_Exercise brief_
Images excepted, the data below must be repeated exactly.

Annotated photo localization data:
━━━━

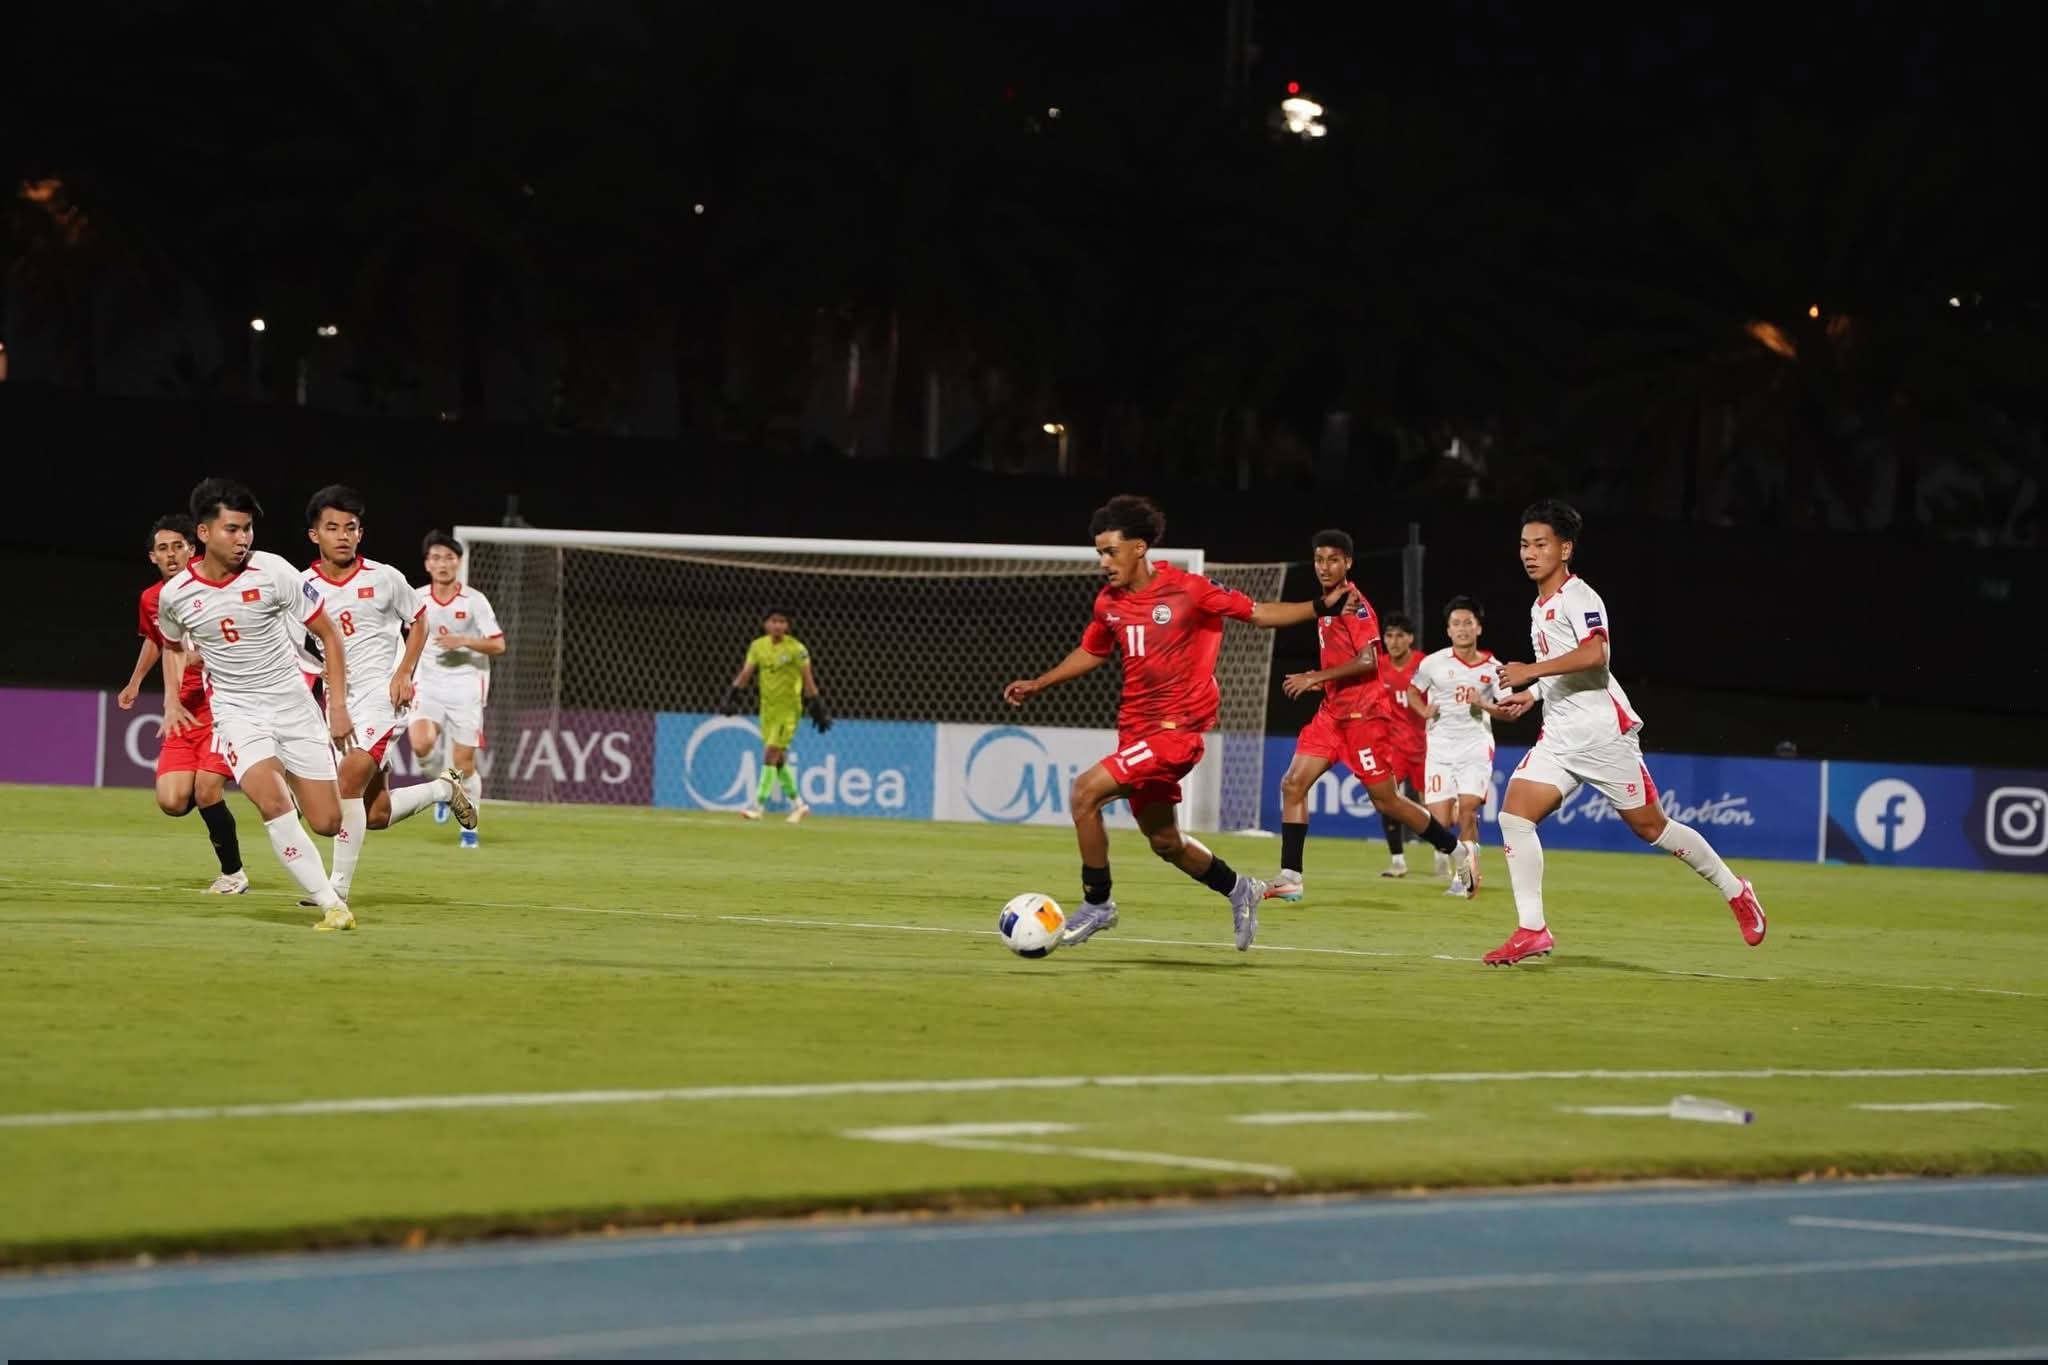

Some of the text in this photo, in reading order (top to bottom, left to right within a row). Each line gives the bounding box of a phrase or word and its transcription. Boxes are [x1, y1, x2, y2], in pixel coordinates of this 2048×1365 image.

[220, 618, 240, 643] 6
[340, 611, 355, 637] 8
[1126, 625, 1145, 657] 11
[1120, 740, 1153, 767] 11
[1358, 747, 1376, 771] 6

━━━━

_Written solution_
Some of the text in this photo, in reading order (top to bottom, left to right within a row). Each line gives the bounding box of a phrase or word and its transcription. Boxes are [x1, y1, x2, y2], in pixel coordinates of this 2048×1365 image.

[220, 618, 240, 643] 6
[340, 611, 355, 637] 8
[1126, 625, 1145, 657] 11
[1120, 740, 1153, 767] 11
[1358, 747, 1376, 771] 6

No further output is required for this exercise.